Write the data below out exactly as it stands. Do not include the pictures.

Stored data entries:
============================================================
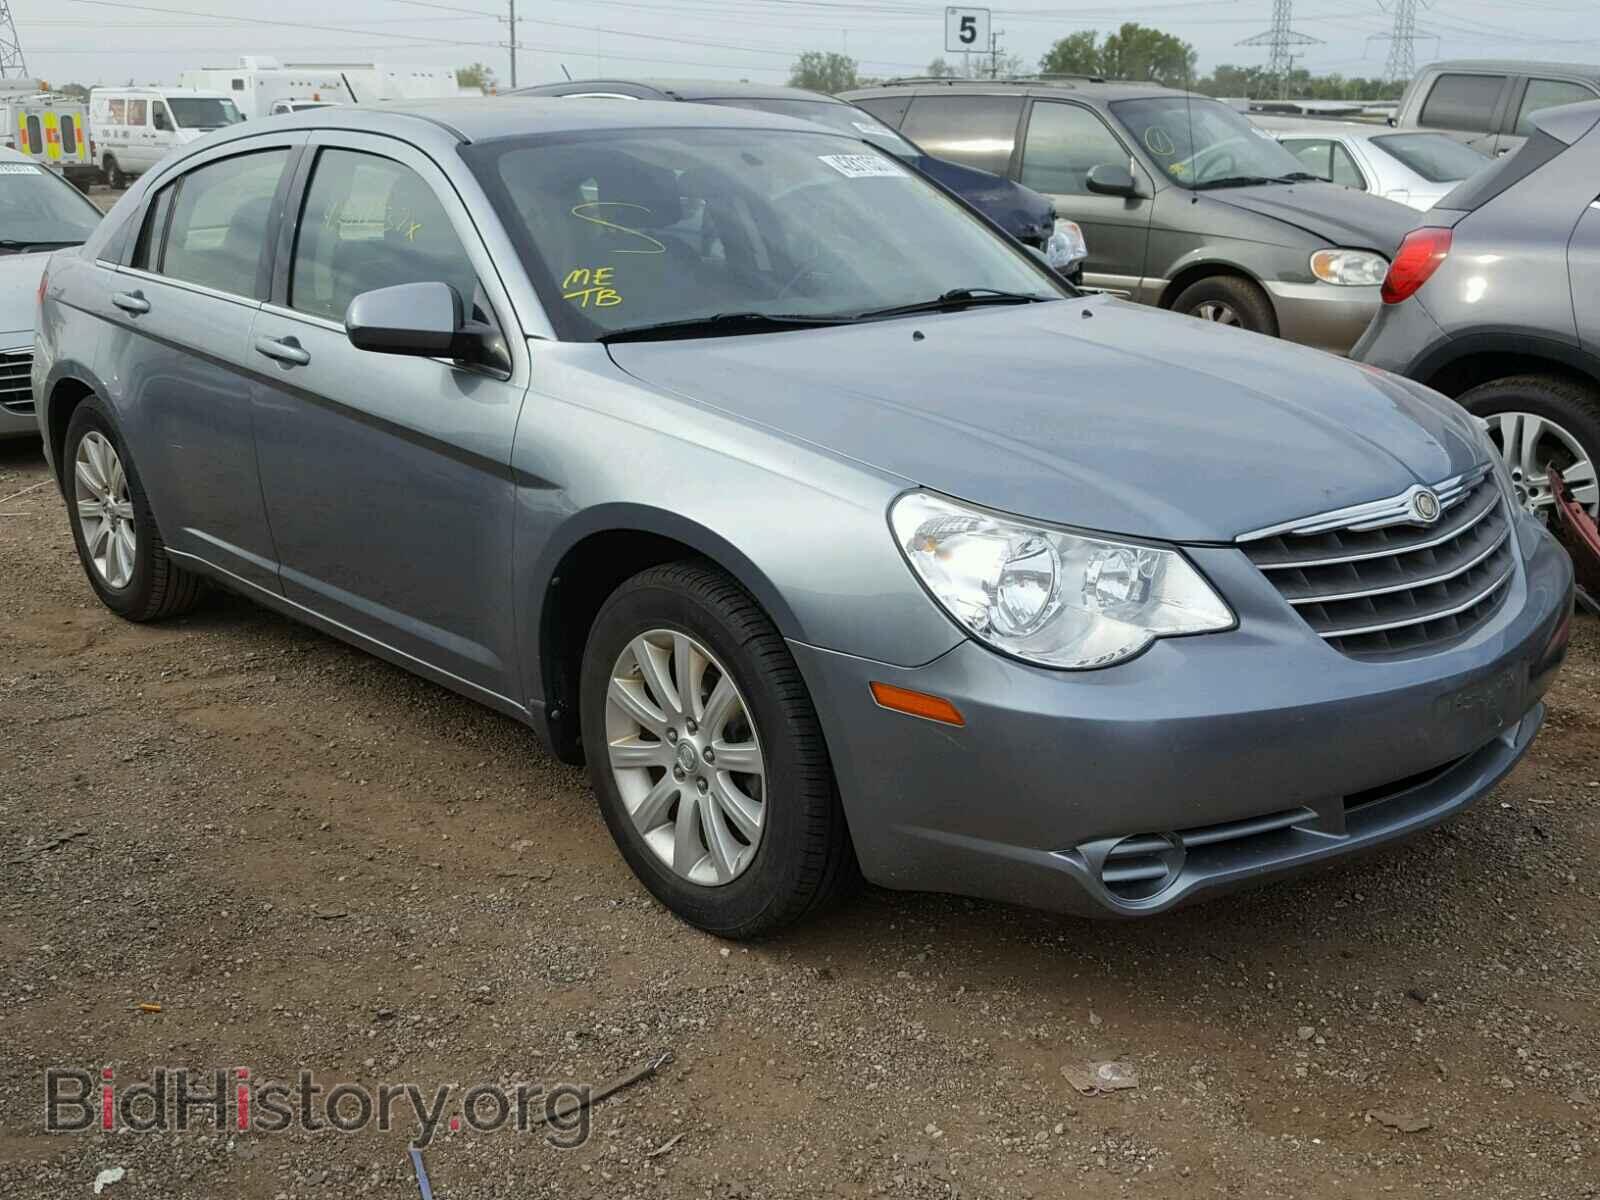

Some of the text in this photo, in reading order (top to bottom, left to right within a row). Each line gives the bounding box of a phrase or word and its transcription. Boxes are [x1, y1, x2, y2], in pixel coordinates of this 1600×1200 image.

[960, 16, 977, 44] 5
[562, 267, 615, 288] ME
[562, 287, 622, 307] TB
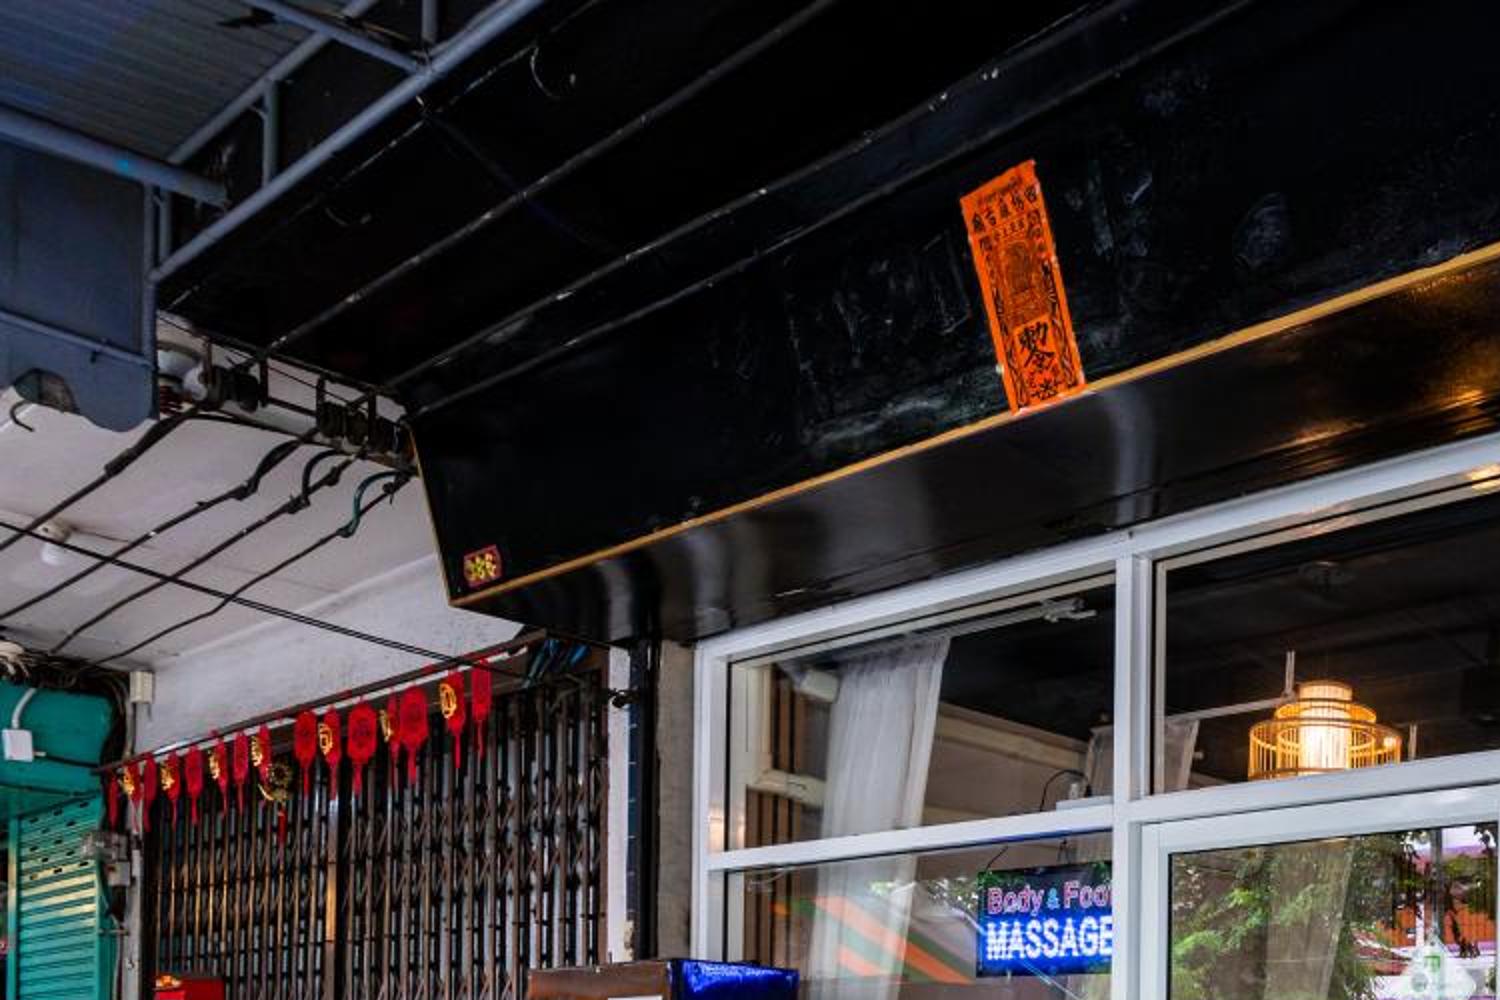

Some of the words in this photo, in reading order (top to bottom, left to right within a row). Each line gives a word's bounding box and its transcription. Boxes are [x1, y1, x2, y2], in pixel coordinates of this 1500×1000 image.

[986, 884, 1045, 917] Body
[1047, 887, 1060, 910] &
[1063, 880, 1112, 909] Foo
[986, 915, 1112, 960] MASSAGE
============================================================
RESPONSE FOR THIS EXERCISE:
Some of the text in this photo, in reading order (top to bottom, left to right within a row). Each line gives the bounding box of a phrase or word and its transcription. Boxes are [x1, y1, x2, y2], in pixel coordinates of this 1600×1200 image.

[960, 16, 977, 44] 5
[562, 267, 615, 288] ME
[562, 287, 622, 307] TB

Some of the words in this photo, in reading order (top to bottom, left to right within a row). Each line gives a word's bounding box and its transcription. Boxes are [x1, y1, x2, y2], in pixel coordinates of this 1500×1000 image.

[986, 884, 1045, 917] Body
[1047, 887, 1060, 910] &
[1063, 880, 1112, 909] Foo
[986, 915, 1112, 960] MASSAGE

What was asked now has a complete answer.